Contemporary
worlds
Indonesia

Tita Salina

In Tita Salina’s practice, intervention, installation and moving image come together in response to site-specific issues that have global resonance. 1001st island – the most sustainable island in archipelago 2015 explores transnational issues of community disenfranchisement, environmental pollution and government corruption as they manifest within the Indonesian government’s grand plan for the restoration and redevelopment of Jakarta Bay.

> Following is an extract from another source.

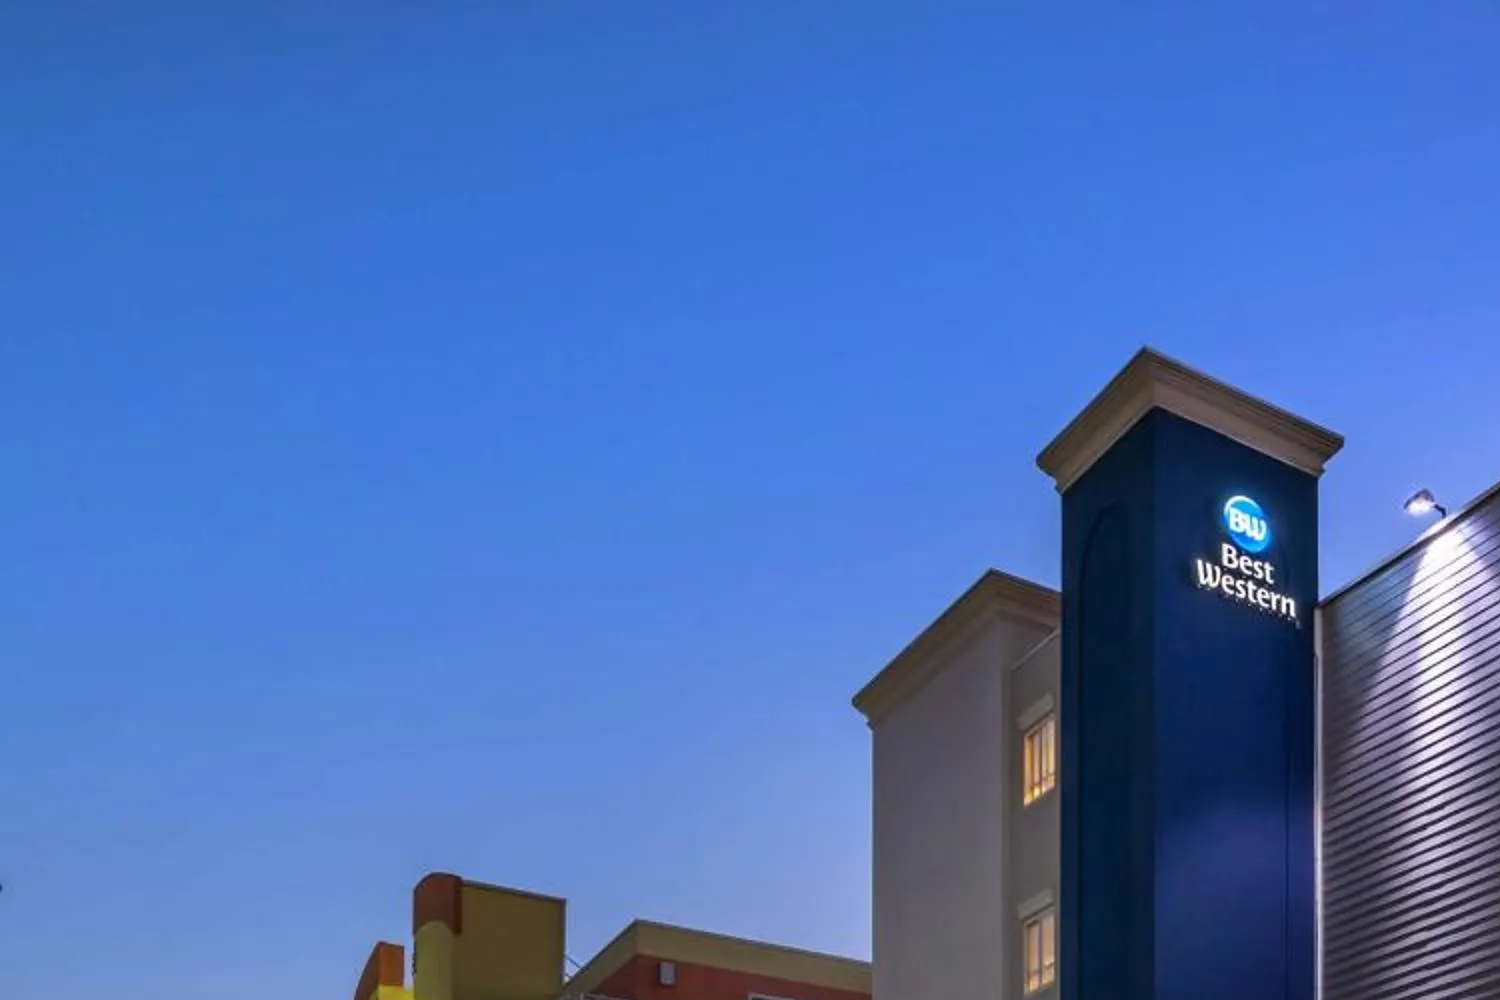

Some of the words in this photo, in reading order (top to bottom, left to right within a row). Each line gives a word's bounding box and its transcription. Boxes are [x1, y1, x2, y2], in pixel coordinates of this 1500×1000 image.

Long plagued with a legion of environmental issues, Jakarta Bay and its environs are impacted by extreme pollution, the reduction of important fishing stocks, and rapid land sinkage due to groundwater extraction that provides drinking water for Jakarta’s 10 million inhabitants. Combined with the threat of rising sea levels, these problems jeopardise communities of small-scale fishermen and coastal traders who live on and around the bay. The government’s solution to the complex environmental and social issues is to build a giant sea wall across the bay to transform it into a man-made lagoon protected from flooding, populate it with new artificial islands, and redevelop the foreshore areas, moving existing coastal communities outside the city precincts. Many are sceptical about the efficacy of the plan and criticise it as scientifically dubious, socially discriminatory and financially irresponsible.

To create 1001st island, Salina collaborated with local fishermen from one of the threatened communities to collect some of the plastic rubbish that plagues the bay. Wrapped in a fishing net to construct an artificial island, it was then dragged behind a fishing boat into the bay and released to become the 1001st island in the chain of islands north of Jakarta known as the Thousand Islands. Ironically, due to plastic’s longevity and because it floats on water, the island is almost indestructible. The process was filmed by a drone camera from above and shows Salina standing or lying resolutely on the island, alone at sea.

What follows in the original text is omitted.